• Problem to solve:
The entries should be given again in full. Alter nothing.

• Supplied records:

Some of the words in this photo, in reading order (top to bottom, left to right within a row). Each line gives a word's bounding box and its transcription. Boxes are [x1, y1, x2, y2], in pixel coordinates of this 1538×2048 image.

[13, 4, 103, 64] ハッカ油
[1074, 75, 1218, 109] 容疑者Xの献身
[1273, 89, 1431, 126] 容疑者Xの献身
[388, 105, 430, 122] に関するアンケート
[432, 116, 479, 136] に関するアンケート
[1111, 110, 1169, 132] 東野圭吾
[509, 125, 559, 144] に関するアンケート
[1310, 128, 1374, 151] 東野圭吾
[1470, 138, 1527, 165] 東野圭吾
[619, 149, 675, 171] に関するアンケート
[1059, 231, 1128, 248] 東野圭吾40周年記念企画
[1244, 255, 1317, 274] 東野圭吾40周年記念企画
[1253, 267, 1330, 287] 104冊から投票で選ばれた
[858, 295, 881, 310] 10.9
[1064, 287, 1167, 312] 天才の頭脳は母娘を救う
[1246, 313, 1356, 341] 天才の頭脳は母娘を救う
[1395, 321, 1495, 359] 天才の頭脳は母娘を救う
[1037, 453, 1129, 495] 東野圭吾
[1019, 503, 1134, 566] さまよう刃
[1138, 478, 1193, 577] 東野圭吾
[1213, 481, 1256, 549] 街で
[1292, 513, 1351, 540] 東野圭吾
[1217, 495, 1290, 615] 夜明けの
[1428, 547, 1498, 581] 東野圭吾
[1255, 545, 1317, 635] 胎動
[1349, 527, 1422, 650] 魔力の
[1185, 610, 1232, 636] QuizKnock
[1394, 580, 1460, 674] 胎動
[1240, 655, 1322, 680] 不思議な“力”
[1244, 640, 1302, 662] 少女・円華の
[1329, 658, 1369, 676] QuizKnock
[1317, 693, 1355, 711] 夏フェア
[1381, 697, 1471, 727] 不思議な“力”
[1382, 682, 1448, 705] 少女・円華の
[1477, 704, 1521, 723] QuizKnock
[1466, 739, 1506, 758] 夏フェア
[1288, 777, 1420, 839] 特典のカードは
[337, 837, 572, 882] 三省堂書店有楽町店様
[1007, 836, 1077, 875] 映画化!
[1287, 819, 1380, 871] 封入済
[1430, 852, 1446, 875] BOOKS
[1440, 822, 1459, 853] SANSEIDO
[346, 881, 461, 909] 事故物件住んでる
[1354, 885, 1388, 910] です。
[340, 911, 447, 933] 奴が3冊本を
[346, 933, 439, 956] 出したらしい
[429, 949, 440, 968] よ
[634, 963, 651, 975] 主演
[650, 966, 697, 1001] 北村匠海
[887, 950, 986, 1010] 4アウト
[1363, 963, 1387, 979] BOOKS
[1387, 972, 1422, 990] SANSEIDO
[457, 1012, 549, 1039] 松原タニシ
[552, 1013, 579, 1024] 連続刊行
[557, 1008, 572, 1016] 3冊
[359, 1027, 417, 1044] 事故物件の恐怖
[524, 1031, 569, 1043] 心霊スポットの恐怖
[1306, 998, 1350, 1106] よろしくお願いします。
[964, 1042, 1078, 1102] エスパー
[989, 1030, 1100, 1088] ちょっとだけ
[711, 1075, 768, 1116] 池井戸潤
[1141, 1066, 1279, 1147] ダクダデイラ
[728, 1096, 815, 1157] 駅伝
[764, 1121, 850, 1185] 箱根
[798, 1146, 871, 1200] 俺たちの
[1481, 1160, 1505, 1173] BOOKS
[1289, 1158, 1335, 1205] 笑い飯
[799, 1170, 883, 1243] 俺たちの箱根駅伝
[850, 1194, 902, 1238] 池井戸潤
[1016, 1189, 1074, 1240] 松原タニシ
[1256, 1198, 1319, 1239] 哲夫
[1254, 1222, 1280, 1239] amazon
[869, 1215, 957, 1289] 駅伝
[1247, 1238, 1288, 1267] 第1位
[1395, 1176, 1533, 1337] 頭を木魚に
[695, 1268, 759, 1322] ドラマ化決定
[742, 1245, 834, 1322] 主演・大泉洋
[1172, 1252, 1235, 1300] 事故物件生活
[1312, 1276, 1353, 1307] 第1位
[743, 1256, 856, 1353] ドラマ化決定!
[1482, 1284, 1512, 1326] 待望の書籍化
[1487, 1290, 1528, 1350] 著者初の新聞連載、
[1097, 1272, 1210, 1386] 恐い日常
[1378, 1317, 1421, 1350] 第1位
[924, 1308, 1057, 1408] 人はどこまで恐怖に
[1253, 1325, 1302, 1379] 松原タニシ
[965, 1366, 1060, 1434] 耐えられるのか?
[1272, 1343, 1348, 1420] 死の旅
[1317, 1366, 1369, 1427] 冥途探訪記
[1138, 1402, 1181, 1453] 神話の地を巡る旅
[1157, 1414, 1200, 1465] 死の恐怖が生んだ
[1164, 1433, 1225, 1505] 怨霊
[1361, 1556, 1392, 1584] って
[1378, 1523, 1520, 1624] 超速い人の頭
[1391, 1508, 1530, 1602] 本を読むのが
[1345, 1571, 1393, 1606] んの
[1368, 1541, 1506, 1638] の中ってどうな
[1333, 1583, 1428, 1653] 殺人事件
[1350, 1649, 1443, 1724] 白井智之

• Final answer:
Some of the words in this photo, in reading order (top to bottom, left to right within a row). Each line gives a word's bounding box and its transcription. Boxes are [x1, y1, x2, y2], in pixel coordinates of this 1538×2048 image.

[13, 4, 103, 64] ハッカ油
[1074, 75, 1218, 109] 容疑者Xの献身
[1273, 89, 1431, 126] 容疑者Xの献身
[388, 105, 430, 122] に関するアンケート
[432, 116, 479, 136] に関するアンケート
[1111, 110, 1169, 132] 東野圭吾
[509, 125, 559, 144] に関するアンケート
[1310, 128, 1374, 151] 東野圭吾
[1470, 138, 1527, 165] 東野圭吾
[619, 149, 675, 171] に関するアンケート
[1059, 231, 1128, 248] 東野圭吾40周年記念企画
[1244, 255, 1317, 274] 東野圭吾40周年記念企画
[1253, 267, 1330, 287] 104冊から投票で選ばれた
[858, 295, 881, 310] 10.9
[1064, 287, 1167, 312] 天才の頭脳は母娘を救う
[1246, 313, 1356, 341] 天才の頭脳は母娘を救う
[1395, 321, 1495, 359] 天才の頭脳は母娘を救う
[1037, 453, 1129, 495] 東野圭吾
[1019, 503, 1134, 566] さまよう刃
[1138, 478, 1193, 577] 東野圭吾
[1213, 481, 1256, 549] 街で
[1292, 513, 1351, 540] 東野圭吾
[1217, 495, 1290, 615] 夜明けの
[1428, 547, 1498, 581] 東野圭吾
[1255, 545, 1317, 635] 胎動
[1349, 527, 1422, 650] 魔力の
[1185, 610, 1232, 636] QuizKnock
[1394, 580, 1460, 674] 胎動
[1240, 655, 1322, 680] 不思議な“力”
[1244, 640, 1302, 662] 少女・円華の
[1329, 658, 1369, 676] QuizKnock
[1317, 693, 1355, 711] 夏フェア
[1381, 697, 1471, 727] 不思議な“力”
[1382, 682, 1448, 705] 少女・円華の
[1477, 704, 1521, 723] QuizKnock
[1466, 739, 1506, 758] 夏フェア
[1288, 777, 1420, 839] 特典のカードは
[337, 837, 572, 882] 三省堂書店有楽町店様
[1007, 836, 1077, 875] 映画化!
[1287, 819, 1380, 871] 封入済
[1430, 852, 1446, 875] BOOKS
[1440, 822, 1459, 853] SANSEIDO
[346, 881, 461, 909] 事故物件住んでる
[1354, 885, 1388, 910] です。
[340, 911, 447, 933] 奴が3冊本を
[346, 933, 439, 956] 出したらしい
[429, 949, 440, 968] よ
[634, 963, 651, 975] 主演
[650, 966, 697, 1001] 北村匠海
[887, 950, 986, 1010] 4アウト
[1363, 963, 1387, 979] BOOKS
[1387, 972, 1422, 990] SANSEIDO
[457, 1012, 549, 1039] 松原タニシ
[552, 1013, 579, 1024] 連続刊行
[557, 1008, 572, 1016] 3冊
[359, 1027, 417, 1044] 事故物件の恐怖
[524, 1031, 569, 1043] 心霊スポットの恐怖
[1306, 998, 1350, 1106] よろしくお願いします。
[964, 1042, 1078, 1102] エスパー
[989, 1030, 1100, 1088] ちょっとだけ
[711, 1075, 768, 1116] 池井戸潤
[1141, 1066, 1279, 1147] ダクダデイラ
[728, 1096, 815, 1157] 駅伝
[764, 1121, 850, 1185] 箱根
[798, 1146, 871, 1200] 俺たちの
[1481, 1160, 1505, 1173] BOOKS
[1289, 1158, 1335, 1205] 笑い飯
[799, 1170, 883, 1243] 俺たちの箱根駅伝
[850, 1194, 902, 1238] 池井戸潤
[1016, 1189, 1074, 1240] 松原タニシ
[1256, 1198, 1319, 1239] 哲夫
[1254, 1222, 1280, 1239] amazon
[869, 1215, 957, 1289] 駅伝
[1247, 1238, 1288, 1267] 第1位
[1395, 1176, 1533, 1337] 頭を木魚に
[695, 1268, 759, 1322] ドラマ化決定
[742, 1245, 834, 1322] 主演・大泉洋
[1172, 1252, 1235, 1300] 事故物件生活
[1312, 1276, 1353, 1307] 第1位
[743, 1256, 856, 1353] ドラマ化決定!
[1482, 1284, 1512, 1326] 待望の書籍化
[1487, 1290, 1528, 1350] 著者初の新聞連載、
[1097, 1272, 1210, 1386] 恐い日常
[1378, 1317, 1421, 1350] 第1位
[924, 1308, 1057, 1408] 人はどこまで恐怖に
[1253, 1325, 1302, 1379] 松原タニシ
[965, 1366, 1060, 1434] 耐えられるのか?
[1272, 1343, 1348, 1420] 死の旅
[1317, 1366, 1369, 1427] 冥途探訪記
[1138, 1402, 1181, 1453] 神話の地を巡る旅
[1157, 1414, 1200, 1465] 死の恐怖が生んだ
[1164, 1433, 1225, 1505] 怨霊
[1361, 1556, 1392, 1584] って
[1378, 1523, 1520, 1624] 超速い人の頭
[1391, 1508, 1530, 1602] 本を読むのが
[1345, 1571, 1393, 1606] んの
[1368, 1541, 1506, 1638] の中ってどうな
[1333, 1583, 1428, 1653] 殺人事件
[1350, 1649, 1443, 1724] 白井智之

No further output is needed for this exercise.